A recent study uncovered why so many individuals diagnosed with autism spectrum conditions are fond of video games as a pastime. The new findings suggests that individuals with autism spectrum conditions may play video games for escapism, specifically self-suppression escapism when experiencing negative moods and self-expansion escapism when experiencing positive moods.
The study, which appears in the journal Computers in Human Behavior, adds to existing knowledge about the purpose of video games for those with autism.
The authors of the new study defined escapism as “an act that shifts the focus of attention from an unpleasant reality to a pleasurable unreality.” The research examined two types of escapism, self-suppression and self-expansion.
The self-suppression style of escapism refers to “engagement in activity, including gaming, to suppress negative emotions, considered as an avoidance of discomfort strategy related to negative affect (Stenseng et al., 2012, 2021).” Self-expansion escapism “facilitates autonomy, competence, and relatedness,… and harmonious, autonomous engagement.”
Research has found that those with autism spectrum conditions seem drawn to video games as an opportunity for escape and for a chance to be in control. In addition, playing video games can function as interpersonal interaction practice when those with autism spectrum conditions play collaboratively. Anna Pyszkowska and colleagues intended to investigate the positive and negative motivators for video gaming in individuals diagnosed with autism spectrum conditions.
Participants were recruited from neurodiversity societies in Poland. Participants were required to have a diagnosis of Autism Spectrum Disorder, be over 18 and play video games at least one hour per week. One hundred and eighty-nine individuals fit the criteria and agreed to participate.
Participants took measures of escapism, gaming motivation, autistic burnout, affective outcomes (a measure of typical mood), and hedonic tone (capacity to experience joy).
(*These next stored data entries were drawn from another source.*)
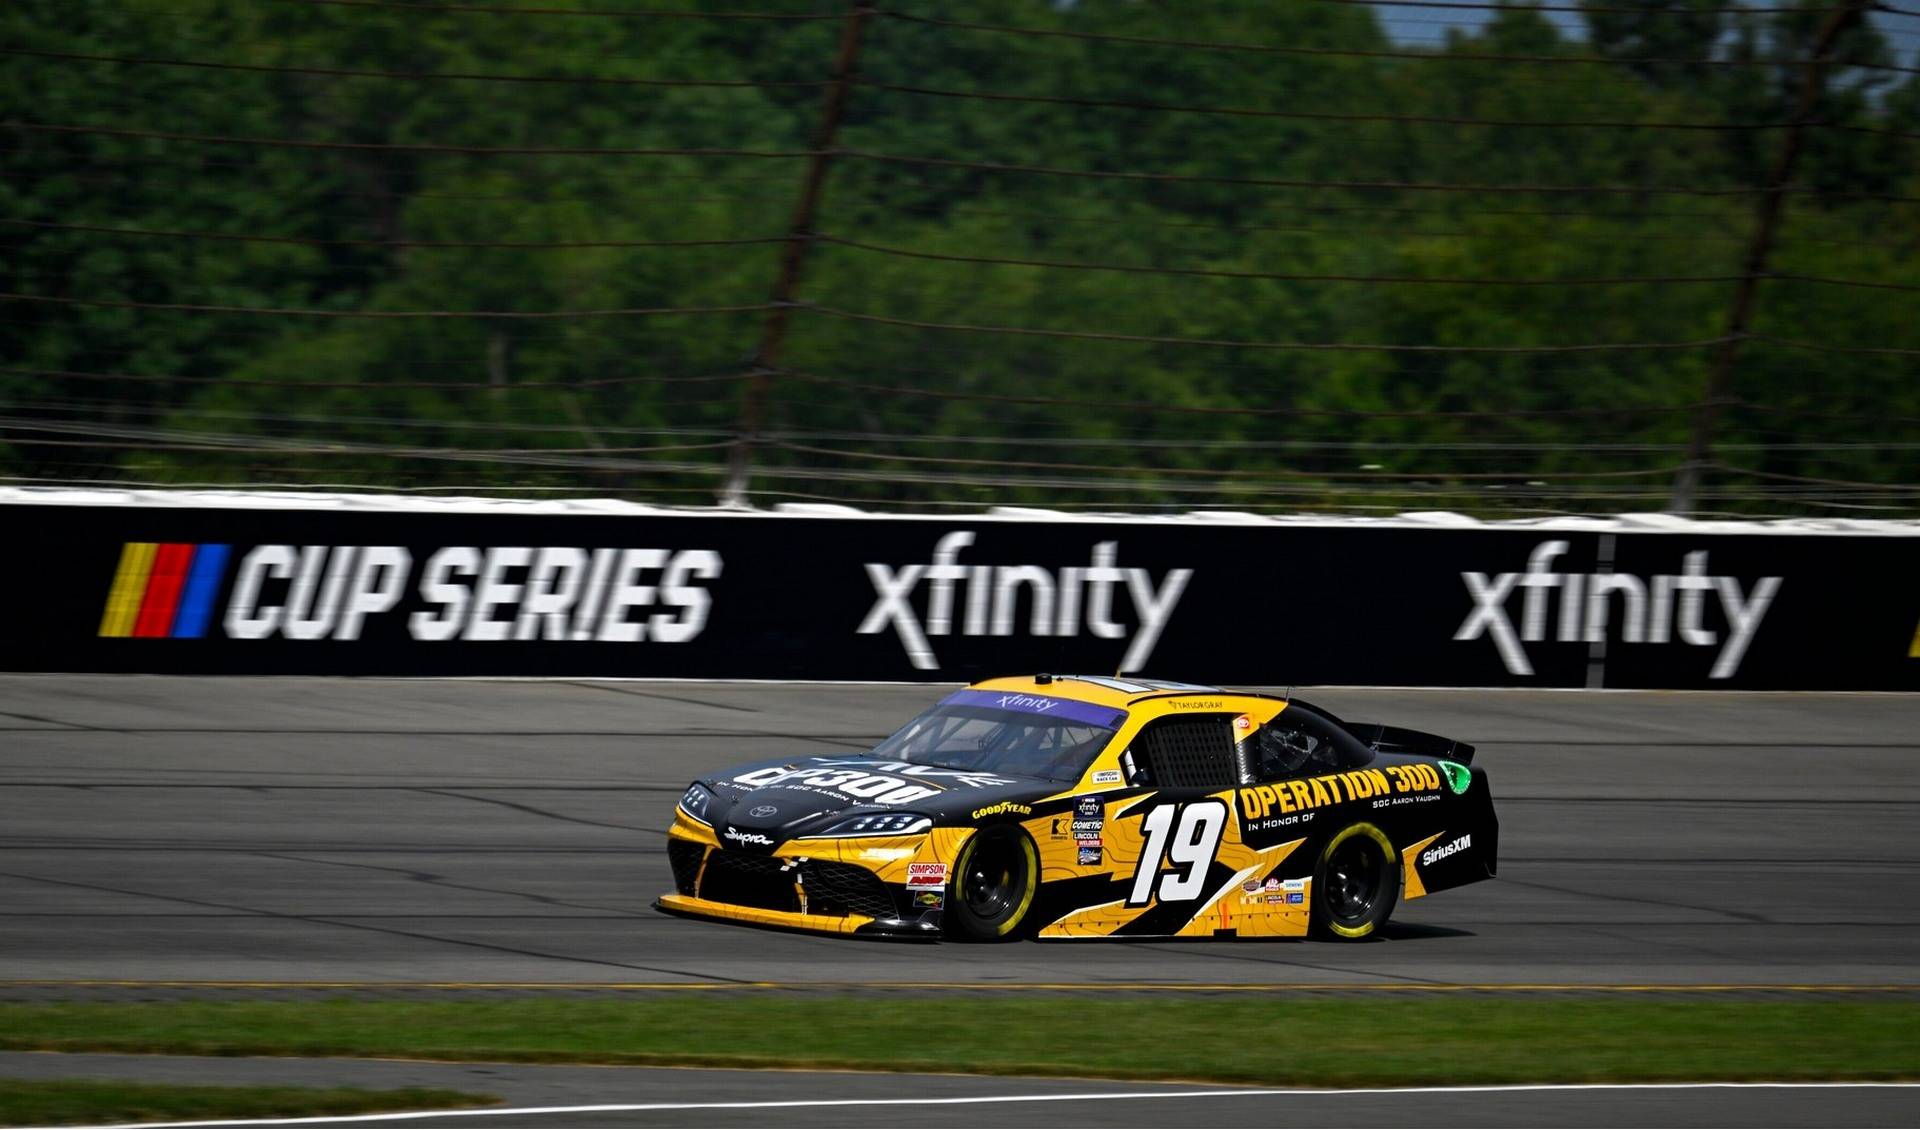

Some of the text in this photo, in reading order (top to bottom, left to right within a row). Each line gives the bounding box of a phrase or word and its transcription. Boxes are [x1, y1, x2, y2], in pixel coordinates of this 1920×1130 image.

[223, 543, 723, 642] CUP SERIES
[855, 531, 1195, 672] xfinity
[1453, 540, 1783, 679] xfinity
[996, 694, 1058, 712] xfinity
[1240, 768, 1391, 820] OPERATION
[1392, 797, 1414, 806] AARON
[1415, 795, 1441, 803] VAUGHN
[971, 801, 1032, 819] GOODYEAR
[1072, 821, 1103, 829] COMETIC
[1248, 812, 1315, 832] IN HONOR OF
[724, 827, 774, 848] Supra
[1129, 802, 1226, 903] 19
[1423, 834, 1471, 866] SiriusXM
[910, 865, 945, 874] SIMPSON
Statistical analysis of this data revealed that those with high levels of negative affect or autistic burnout were more likely to play video games for self-suppression reasons. In addition, repetitive behaviors, the decline of cognitive and motor functions, failure to engage in self-care, and behaviors intended to avoid emotions were all related to self-suppression motivations for gaming.
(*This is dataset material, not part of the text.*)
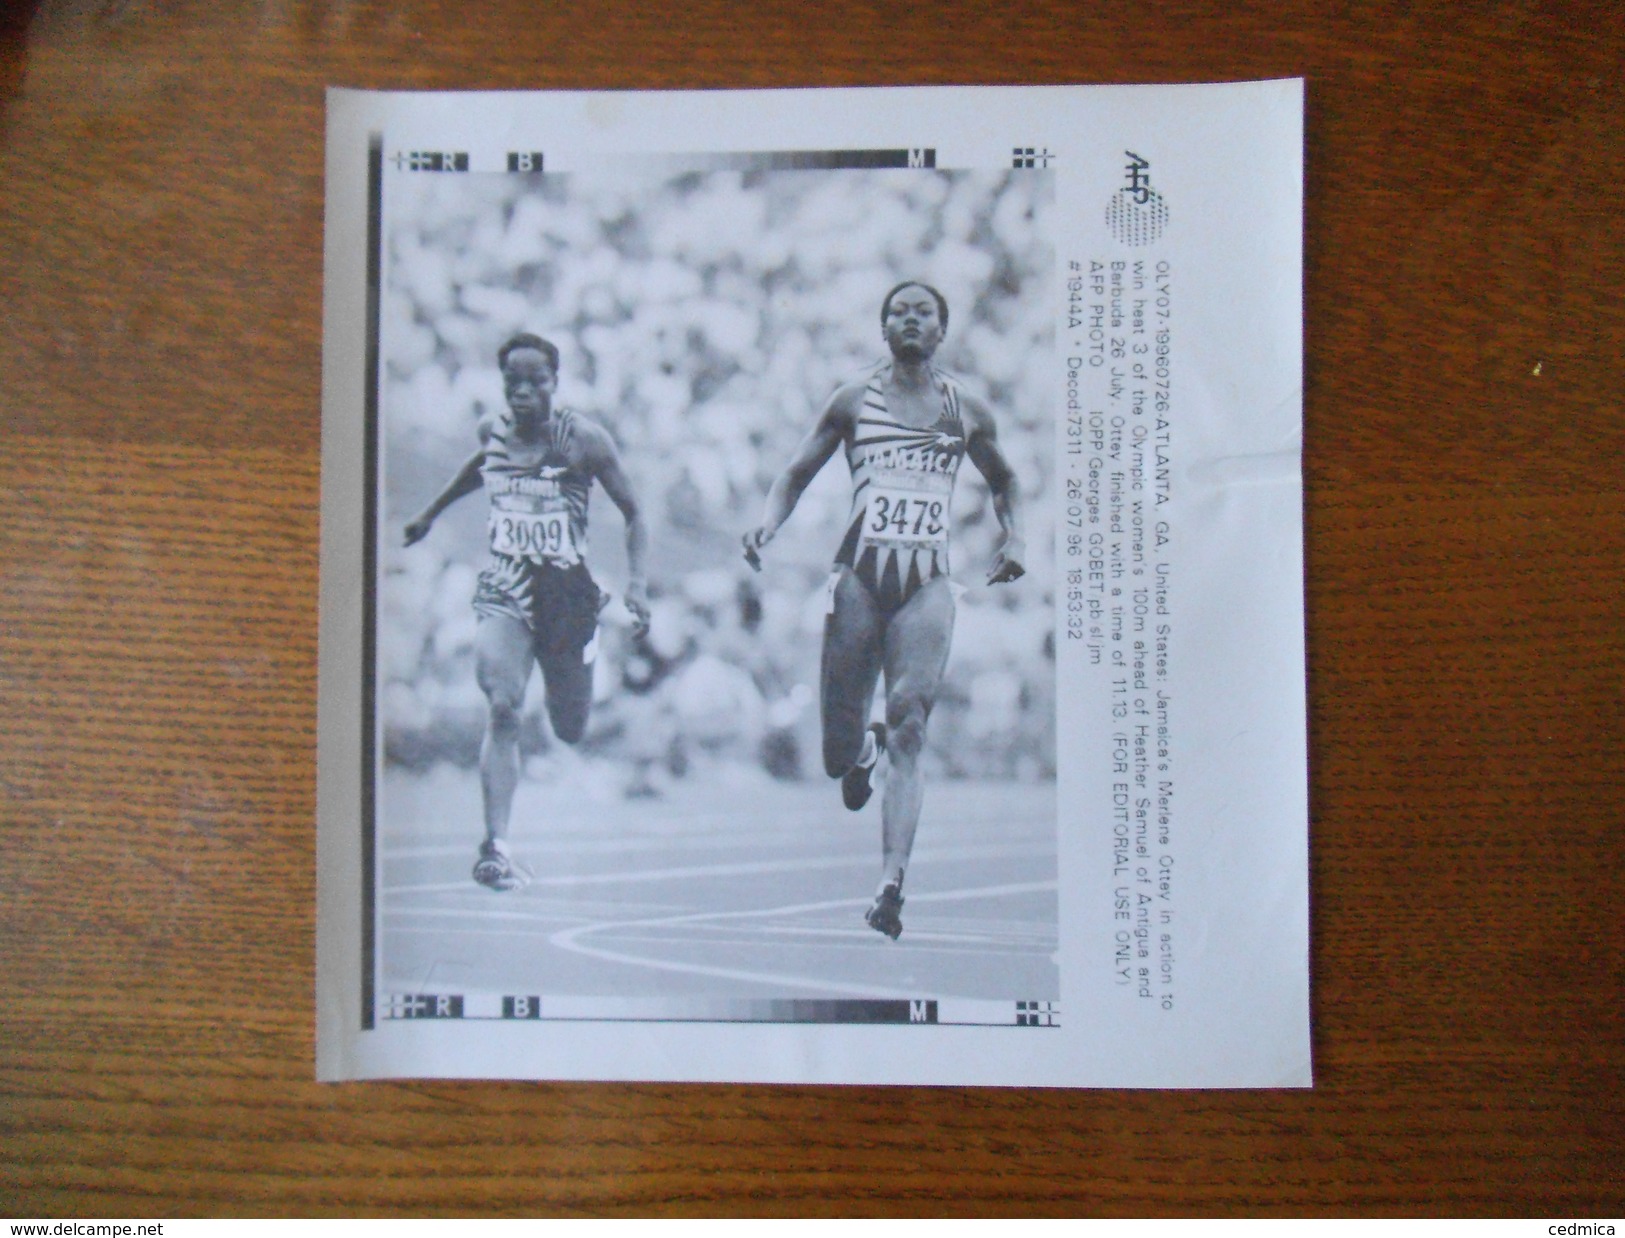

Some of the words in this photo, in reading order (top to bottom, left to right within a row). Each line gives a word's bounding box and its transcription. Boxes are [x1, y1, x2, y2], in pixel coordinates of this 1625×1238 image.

Those scoring high on the measure of hedonic tone (or how able they were to experience joy) were more likely to report that self-expansion was the reason for their video game endeavors. Self-expansion as a motivation for video gaming was also related to a desire for mastery.
Acknowledged limitations include the absence of a control group. Consequently, we cannot conclude that these results are unique to the gaming or autism spectrum conditions. Additionally, the study had significantly more females (105) compared to males (50) or nonbinary (34), consequently, we cannot know if gender has an impact on results.
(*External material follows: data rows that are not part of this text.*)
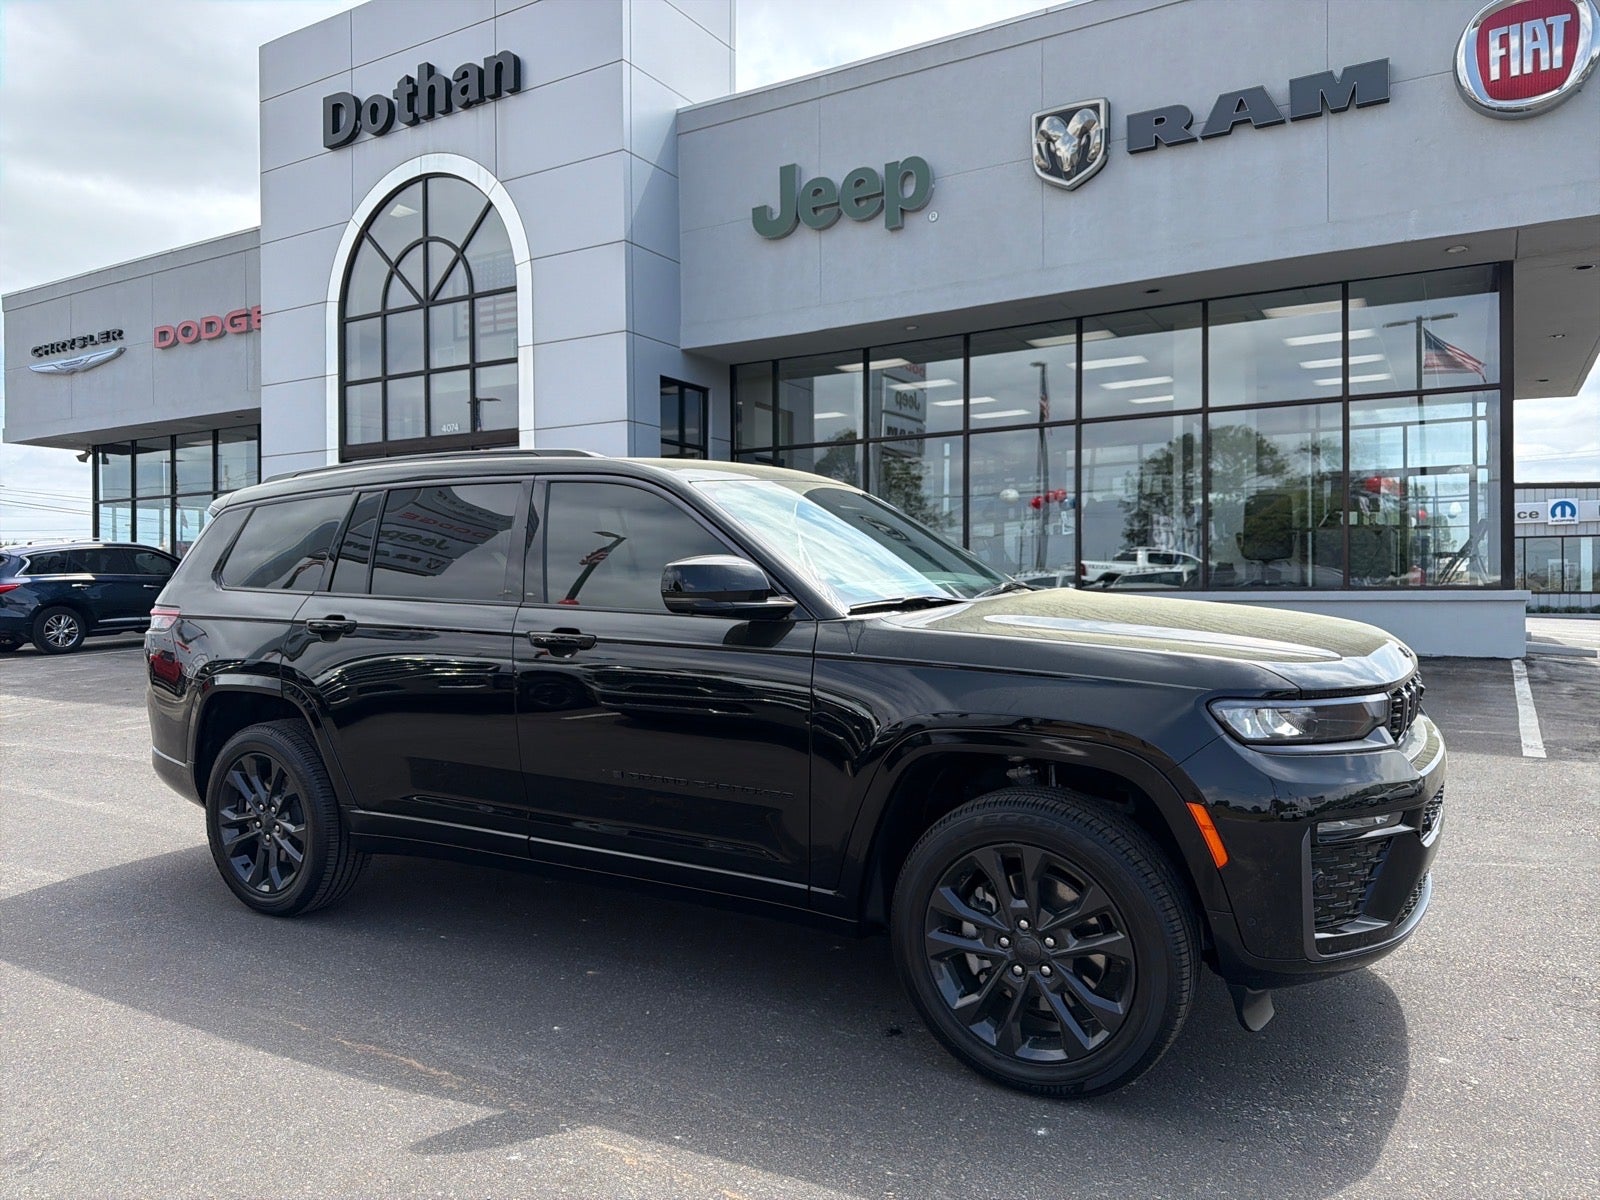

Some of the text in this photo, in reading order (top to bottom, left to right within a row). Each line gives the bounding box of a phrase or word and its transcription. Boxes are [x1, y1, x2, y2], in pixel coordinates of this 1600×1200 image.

[1488, 13, 1572, 82] FIAT
[322, 50, 521, 150] Dothan
[1126, 57, 1391, 154] RAM
[751, 155, 934, 240] Jeep
[31, 328, 124, 358] CHRYSLER
[441, 422, 459, 433] 4074
Despite these concerns, the research team feels their work was a meaningful addition to what is known about gaming motivations and autism spectrum conditions. Understanding what may motivate a person with an autism diagnosis to spend time video gaming may help practitioners determine if gaming is used to cope with challenges that could be addressed and treated in a therapeutic setting.
The study, “Determinants of escapism in adult video gamers with autism spectrum conditions: The role of affect, autistic burnout, and gaming motivation”, was authored by Anna Pyszkowska, Tomasz Gąsior, Franciszek Stefanek, and Barbara Więzik.